**Task goal:**
Reproduce the records that follow exactly; any picture among them stays out.

Phrase grounding data
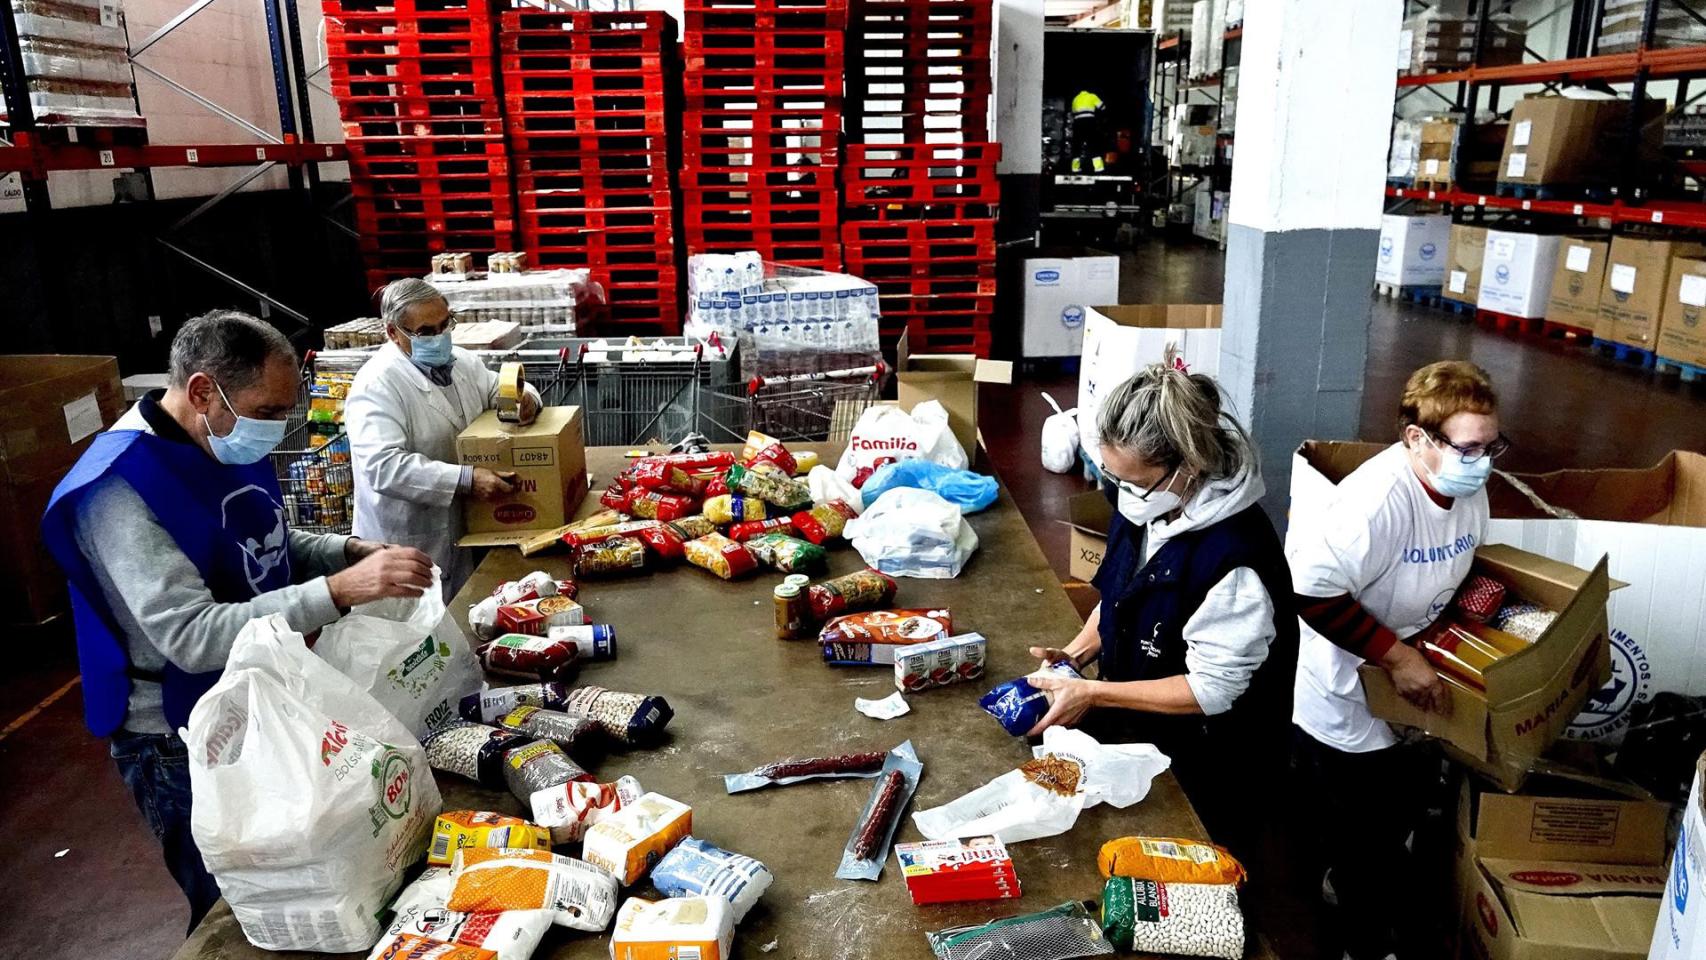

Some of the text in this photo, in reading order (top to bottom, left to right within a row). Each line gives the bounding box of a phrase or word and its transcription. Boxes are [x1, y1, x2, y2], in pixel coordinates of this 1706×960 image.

[103, 153, 113, 163] 20
[520, 452, 549, 462] 48407
[852, 436, 917, 451] Familia
[1610, 628, 1652, 680] IMENTOS
[424, 698, 451, 731] FROIZ
[1514, 690, 1569, 736] MARIA
[386, 769, 408, 804] 80%

**Written response:**
Some of the text in this photo, in reading order (top to bottom, left to right within a row). Each line gives the bounding box of a phrase or word and its transcription. Boxes are [x1, y1, x2, y2], in pixel coordinates of this 1706×960 image.

[103, 153, 113, 163] 20
[520, 452, 549, 462] 48407
[852, 436, 917, 451] Familia
[1610, 628, 1652, 680] IMENTOS
[424, 698, 451, 731] FROIZ
[1514, 690, 1569, 736] MARIA
[386, 769, 408, 804] 80%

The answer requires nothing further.